**Instructions to follow:** Send back the entries below exactly as they appear.

Collected data:
______________________________

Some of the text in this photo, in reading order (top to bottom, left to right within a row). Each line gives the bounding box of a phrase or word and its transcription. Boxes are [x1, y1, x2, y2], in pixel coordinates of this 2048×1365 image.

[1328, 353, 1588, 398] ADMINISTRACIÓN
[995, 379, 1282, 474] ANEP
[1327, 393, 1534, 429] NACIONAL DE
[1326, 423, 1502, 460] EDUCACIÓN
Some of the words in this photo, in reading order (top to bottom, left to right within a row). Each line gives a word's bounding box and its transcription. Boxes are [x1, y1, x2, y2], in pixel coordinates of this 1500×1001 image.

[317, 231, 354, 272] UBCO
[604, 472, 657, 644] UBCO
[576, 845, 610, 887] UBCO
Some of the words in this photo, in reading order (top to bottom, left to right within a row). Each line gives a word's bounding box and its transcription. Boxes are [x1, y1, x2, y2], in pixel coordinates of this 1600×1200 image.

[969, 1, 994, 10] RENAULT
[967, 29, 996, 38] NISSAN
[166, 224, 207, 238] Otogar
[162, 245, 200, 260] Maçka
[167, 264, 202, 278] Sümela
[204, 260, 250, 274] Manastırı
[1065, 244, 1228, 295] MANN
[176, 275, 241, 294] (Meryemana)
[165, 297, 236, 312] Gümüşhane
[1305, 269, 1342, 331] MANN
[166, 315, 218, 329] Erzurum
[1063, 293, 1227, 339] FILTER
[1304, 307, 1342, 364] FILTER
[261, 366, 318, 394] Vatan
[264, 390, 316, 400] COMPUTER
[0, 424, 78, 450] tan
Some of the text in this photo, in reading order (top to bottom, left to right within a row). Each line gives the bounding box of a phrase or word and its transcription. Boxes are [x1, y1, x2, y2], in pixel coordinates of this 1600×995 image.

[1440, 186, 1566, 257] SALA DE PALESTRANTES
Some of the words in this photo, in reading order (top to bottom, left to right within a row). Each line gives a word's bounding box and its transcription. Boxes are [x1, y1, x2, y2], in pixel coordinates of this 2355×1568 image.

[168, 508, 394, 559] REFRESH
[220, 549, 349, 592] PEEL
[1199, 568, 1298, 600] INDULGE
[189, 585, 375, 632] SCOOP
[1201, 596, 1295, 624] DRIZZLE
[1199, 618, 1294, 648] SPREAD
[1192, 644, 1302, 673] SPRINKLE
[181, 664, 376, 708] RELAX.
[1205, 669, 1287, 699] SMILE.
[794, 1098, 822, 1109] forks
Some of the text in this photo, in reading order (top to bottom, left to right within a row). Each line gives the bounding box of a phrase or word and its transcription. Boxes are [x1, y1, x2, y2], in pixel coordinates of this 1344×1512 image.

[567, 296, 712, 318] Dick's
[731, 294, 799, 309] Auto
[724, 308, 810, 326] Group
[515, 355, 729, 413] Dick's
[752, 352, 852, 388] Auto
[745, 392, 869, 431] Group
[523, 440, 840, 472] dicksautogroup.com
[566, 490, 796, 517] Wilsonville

______________________________

**Final answer:**
Some of the text in this photo, in reading order (top to bottom, left to right within a row). Each line gives the bounding box of a phrase or word and its transcription. Boxes are [x1, y1, x2, y2], in pixel coordinates of this 2048×1365 image.

[1328, 353, 1588, 398] ADMINISTRACIÓN
[995, 379, 1282, 474] ANEP
[1327, 393, 1534, 429] NACIONAL DE
[1326, 423, 1502, 460] EDUCACIÓN
Some of the words in this photo, in reading order (top to bottom, left to right within a row). Each line gives a word's bounding box and its transcription. Boxes are [x1, y1, x2, y2], in pixel coordinates of this 1500×1001 image.

[317, 231, 354, 272] UBCO
[604, 472, 657, 644] UBCO
[576, 845, 610, 887] UBCO
Some of the words in this photo, in reading order (top to bottom, left to right within a row). Each line gives a word's bounding box and its transcription. Boxes are [x1, y1, x2, y2], in pixel coordinates of this 1600×1200 image.

[969, 1, 994, 10] RENAULT
[967, 29, 996, 38] NISSAN
[166, 224, 207, 238] Otogar
[162, 245, 200, 260] Maçka
[167, 264, 202, 278] Sümela
[204, 260, 250, 274] Manastırı
[1065, 244, 1228, 295] MANN
[176, 275, 241, 294] (Meryemana)
[165, 297, 236, 312] Gümüşhane
[1305, 269, 1342, 331] MANN
[166, 315, 218, 329] Erzurum
[1063, 293, 1227, 339] FILTER
[1304, 307, 1342, 364] FILTER
[261, 366, 318, 394] Vatan
[264, 390, 316, 400] COMPUTER
[0, 424, 78, 450] tan
Some of the text in this photo, in reading order (top to bottom, left to right within a row). Each line gives the bounding box of a phrase or word and its transcription. Boxes are [x1, y1, x2, y2], in pixel coordinates of this 1600×995 image.

[1440, 186, 1566, 257] SALA DE PALESTRANTES
Some of the words in this photo, in reading order (top to bottom, left to right within a row). Each line gives a word's bounding box and its transcription. Boxes are [x1, y1, x2, y2], in pixel coordinates of this 2355×1568 image.

[168, 508, 394, 559] REFRESH
[220, 549, 349, 592] PEEL
[1199, 568, 1298, 600] INDULGE
[189, 585, 375, 632] SCOOP
[1201, 596, 1295, 624] DRIZZLE
[1199, 618, 1294, 648] SPREAD
[1192, 644, 1302, 673] SPRINKLE
[181, 664, 376, 708] RELAX.
[1205, 669, 1287, 699] SMILE.
[794, 1098, 822, 1109] forks
Some of the text in this photo, in reading order (top to bottom, left to right within a row). Each line gives the bounding box of a phrase or word and its transcription. Boxes are [x1, y1, x2, y2], in pixel coordinates of this 1344×1512 image.

[567, 296, 712, 318] Dick's
[731, 294, 799, 309] Auto
[724, 308, 810, 326] Group
[515, 355, 729, 413] Dick's
[752, 352, 852, 388] Auto
[745, 392, 869, 431] Group
[523, 440, 840, 472] dicksautogroup.com
[566, 490, 796, 517] Wilsonville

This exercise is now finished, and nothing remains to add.